As part of the team’s vision to become “Africa’s biggest ecommerce ecosystem,” Jumia began to expand the focus from electronics and fashion into travel, cars, jobs, and food.
Africa is fast becoming home to a dynamic tech sector.
Also, many of the interviewees, including my parents, think the continent is dangerous, with endless wars and social unrest.
I still remember the nervous faces of my parents when they knew I was to have a business trip to Sudan and Ethiopia back in 2011. They urged me to buy insurance, get vaccinations, and, the most important, avoid places where people gathered.
But what I had in Khartoum was actually sitting by the River Nile after the sunset, sipping tea with my local host. Beautiful experience I will never forget.
I’m not saying all places in Africa are safe as Hong Kong. I did have friends robbed by armed gangsters in Nairobi, capital of Kenya.
But it’s wrong to exaggerate the danger.
In addition, we have some other ridiculous misunderstanding of Africa and the people there.
Many people in China, for example, still think all Africans have dark skin.

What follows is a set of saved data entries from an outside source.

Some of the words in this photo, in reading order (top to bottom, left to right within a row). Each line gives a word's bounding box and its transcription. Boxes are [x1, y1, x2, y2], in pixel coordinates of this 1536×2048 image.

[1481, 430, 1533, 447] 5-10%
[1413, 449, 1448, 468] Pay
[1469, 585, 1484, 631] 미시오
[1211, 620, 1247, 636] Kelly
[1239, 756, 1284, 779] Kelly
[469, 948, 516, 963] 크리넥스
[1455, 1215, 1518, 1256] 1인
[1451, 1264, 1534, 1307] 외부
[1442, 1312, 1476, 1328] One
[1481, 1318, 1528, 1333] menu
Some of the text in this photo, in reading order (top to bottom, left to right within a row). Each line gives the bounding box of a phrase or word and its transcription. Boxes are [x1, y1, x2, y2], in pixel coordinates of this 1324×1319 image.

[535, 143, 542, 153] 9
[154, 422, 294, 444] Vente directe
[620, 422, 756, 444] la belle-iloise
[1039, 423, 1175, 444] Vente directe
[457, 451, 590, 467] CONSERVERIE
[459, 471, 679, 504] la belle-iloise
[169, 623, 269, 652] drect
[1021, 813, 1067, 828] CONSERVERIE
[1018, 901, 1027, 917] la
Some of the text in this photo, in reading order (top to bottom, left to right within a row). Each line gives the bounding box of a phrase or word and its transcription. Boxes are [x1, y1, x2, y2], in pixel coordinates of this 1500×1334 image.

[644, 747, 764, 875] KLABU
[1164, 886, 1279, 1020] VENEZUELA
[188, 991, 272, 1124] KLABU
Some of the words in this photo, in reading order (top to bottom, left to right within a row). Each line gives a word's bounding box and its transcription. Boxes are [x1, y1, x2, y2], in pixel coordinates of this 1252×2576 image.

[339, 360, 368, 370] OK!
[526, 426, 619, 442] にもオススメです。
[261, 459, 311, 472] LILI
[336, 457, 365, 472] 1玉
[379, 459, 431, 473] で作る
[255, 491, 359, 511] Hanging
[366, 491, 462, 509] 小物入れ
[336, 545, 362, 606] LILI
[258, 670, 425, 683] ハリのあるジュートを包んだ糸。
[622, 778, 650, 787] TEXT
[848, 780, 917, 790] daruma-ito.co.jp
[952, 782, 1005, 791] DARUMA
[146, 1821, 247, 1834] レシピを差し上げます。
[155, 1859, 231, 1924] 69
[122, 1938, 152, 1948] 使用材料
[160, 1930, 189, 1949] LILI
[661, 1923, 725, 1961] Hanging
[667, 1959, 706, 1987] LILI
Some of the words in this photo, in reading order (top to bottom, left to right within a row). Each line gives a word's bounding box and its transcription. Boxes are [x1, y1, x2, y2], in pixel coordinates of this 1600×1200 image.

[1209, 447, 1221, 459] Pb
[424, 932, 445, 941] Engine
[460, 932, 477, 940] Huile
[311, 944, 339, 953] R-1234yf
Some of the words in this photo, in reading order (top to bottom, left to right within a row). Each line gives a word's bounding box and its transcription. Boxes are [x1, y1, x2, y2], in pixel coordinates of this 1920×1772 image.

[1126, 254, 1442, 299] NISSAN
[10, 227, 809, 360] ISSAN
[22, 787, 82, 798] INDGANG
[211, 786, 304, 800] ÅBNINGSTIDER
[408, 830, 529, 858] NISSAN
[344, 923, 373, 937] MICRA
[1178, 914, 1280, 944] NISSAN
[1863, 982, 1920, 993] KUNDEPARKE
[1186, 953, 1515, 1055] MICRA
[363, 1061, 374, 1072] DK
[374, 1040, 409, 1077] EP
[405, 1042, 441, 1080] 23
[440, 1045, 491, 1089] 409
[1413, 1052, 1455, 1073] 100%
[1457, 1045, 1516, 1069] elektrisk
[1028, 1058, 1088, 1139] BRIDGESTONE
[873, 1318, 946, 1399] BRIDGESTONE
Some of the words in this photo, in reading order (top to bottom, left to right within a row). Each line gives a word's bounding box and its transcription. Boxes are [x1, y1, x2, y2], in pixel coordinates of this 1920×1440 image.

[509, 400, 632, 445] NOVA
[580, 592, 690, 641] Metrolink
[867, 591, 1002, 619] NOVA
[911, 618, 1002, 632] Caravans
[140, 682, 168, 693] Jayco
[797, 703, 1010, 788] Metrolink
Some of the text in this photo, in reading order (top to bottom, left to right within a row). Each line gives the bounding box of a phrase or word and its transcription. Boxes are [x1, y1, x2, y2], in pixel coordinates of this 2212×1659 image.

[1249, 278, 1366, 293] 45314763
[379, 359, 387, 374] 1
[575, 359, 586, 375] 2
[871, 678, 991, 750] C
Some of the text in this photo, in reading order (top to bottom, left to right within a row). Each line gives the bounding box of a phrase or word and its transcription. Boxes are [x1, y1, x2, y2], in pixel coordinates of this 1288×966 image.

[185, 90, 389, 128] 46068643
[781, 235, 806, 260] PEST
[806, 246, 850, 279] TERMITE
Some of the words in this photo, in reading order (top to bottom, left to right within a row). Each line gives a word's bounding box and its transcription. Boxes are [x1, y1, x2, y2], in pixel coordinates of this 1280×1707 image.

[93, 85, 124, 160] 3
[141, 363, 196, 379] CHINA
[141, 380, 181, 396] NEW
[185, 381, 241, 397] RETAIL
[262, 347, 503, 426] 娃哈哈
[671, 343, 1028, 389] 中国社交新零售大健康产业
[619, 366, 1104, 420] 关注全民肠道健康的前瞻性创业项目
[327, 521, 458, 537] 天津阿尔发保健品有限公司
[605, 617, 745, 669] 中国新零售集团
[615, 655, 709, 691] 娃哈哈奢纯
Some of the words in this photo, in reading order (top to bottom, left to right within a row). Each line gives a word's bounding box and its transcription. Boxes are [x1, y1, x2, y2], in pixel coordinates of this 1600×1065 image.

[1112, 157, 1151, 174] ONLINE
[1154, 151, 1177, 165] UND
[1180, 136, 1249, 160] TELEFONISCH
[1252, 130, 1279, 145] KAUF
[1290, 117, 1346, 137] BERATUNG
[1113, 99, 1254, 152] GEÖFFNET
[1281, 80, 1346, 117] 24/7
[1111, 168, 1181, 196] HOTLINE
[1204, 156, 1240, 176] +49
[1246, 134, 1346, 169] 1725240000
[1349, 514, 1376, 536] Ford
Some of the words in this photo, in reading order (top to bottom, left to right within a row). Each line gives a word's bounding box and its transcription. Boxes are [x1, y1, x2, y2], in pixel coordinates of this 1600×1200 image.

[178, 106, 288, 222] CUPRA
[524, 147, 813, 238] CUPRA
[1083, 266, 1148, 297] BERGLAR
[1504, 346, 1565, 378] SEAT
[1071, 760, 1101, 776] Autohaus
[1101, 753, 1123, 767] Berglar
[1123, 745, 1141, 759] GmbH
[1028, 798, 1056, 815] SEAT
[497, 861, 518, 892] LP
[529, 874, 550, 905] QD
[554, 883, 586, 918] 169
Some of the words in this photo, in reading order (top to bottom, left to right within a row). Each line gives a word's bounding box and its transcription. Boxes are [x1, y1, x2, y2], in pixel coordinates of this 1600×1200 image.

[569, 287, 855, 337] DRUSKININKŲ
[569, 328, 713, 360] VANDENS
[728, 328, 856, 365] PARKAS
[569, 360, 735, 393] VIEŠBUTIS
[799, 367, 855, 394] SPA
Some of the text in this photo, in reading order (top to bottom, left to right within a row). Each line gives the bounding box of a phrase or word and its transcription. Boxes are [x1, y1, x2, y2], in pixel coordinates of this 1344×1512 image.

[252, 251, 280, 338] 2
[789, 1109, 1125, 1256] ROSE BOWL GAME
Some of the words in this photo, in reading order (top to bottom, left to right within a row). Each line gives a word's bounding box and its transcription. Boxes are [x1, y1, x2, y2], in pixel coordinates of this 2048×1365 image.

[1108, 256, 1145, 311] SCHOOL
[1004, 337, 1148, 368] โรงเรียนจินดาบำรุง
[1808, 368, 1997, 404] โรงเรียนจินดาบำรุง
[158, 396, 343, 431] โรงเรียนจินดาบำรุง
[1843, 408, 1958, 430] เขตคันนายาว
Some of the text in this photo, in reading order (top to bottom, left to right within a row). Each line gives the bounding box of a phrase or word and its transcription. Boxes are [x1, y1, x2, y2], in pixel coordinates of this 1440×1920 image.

When they see black people in the street, they automatically think they are from Africa.
Many of my interviewees don’t know that North Africa is totally different from sub-Sahara Africa, in terms of skin colour, ethnicity, religion, language, an so on.
The sweeping generalization they tend to make is irresponsible and misleading.
In a 2009 Ted Talk, Nigerian author Chimamanda Ngozi Adichie spoke on the dangers of a “single story,” the idea that an entire culture can be summed up in one narrative.
This problem does exist in China.
As commercial ties between China and Africa boom, hopefully people-to-people exchange will grow simultaneously.
More interaction could help eradicate some ridiculous misunderstanding and bring us a true Africa.